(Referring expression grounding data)
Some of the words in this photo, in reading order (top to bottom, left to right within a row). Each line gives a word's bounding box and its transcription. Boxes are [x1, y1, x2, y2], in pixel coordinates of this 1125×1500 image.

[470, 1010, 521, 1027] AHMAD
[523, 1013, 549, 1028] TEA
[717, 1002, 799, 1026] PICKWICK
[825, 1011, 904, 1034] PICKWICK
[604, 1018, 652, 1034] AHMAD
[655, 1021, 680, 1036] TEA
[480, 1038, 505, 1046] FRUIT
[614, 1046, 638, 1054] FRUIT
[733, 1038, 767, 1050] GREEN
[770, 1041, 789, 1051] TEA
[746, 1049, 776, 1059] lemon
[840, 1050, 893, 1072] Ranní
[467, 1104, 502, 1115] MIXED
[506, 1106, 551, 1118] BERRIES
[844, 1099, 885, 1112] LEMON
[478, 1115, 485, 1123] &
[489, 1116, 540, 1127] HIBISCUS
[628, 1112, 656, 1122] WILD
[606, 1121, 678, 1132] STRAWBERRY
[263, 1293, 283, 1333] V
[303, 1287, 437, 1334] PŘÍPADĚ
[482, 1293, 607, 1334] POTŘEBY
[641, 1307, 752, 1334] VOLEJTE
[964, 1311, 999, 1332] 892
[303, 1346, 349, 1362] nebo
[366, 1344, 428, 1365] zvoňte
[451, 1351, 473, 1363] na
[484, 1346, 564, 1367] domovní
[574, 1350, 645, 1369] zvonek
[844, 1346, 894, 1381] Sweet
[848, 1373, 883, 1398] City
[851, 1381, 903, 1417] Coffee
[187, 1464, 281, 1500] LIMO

* [Task brief] Every record, restated word for word, should make up your reply.

* [Exercise solution]
Some of the words in this photo, in reading order (top to bottom, left to right within a row). Each line gives a word's bounding box and its transcription. Boxes are [x1, y1, x2, y2], in pixel coordinates of this 1125×1500 image.

[470, 1010, 521, 1027] AHMAD
[523, 1013, 549, 1028] TEA
[717, 1002, 799, 1026] PICKWICK
[825, 1011, 904, 1034] PICKWICK
[604, 1018, 652, 1034] AHMAD
[655, 1021, 680, 1036] TEA
[480, 1038, 505, 1046] FRUIT
[614, 1046, 638, 1054] FRUIT
[733, 1038, 767, 1050] GREEN
[770, 1041, 789, 1051] TEA
[746, 1049, 776, 1059] lemon
[840, 1050, 893, 1072] Ranní
[467, 1104, 502, 1115] MIXED
[506, 1106, 551, 1118] BERRIES
[844, 1099, 885, 1112] LEMON
[478, 1115, 485, 1123] &
[489, 1116, 540, 1127] HIBISCUS
[628, 1112, 656, 1122] WILD
[606, 1121, 678, 1132] STRAWBERRY
[263, 1293, 283, 1333] V
[303, 1287, 437, 1334] PŘÍPADĚ
[482, 1293, 607, 1334] POTŘEBY
[641, 1307, 752, 1334] VOLEJTE
[964, 1311, 999, 1332] 892
[303, 1346, 349, 1362] nebo
[366, 1344, 428, 1365] zvoňte
[451, 1351, 473, 1363] na
[484, 1346, 564, 1367] domovní
[574, 1350, 645, 1369] zvonek
[844, 1346, 894, 1381] Sweet
[848, 1373, 883, 1398] City
[851, 1381, 903, 1417] Coffee
[187, 1464, 281, 1500] LIMO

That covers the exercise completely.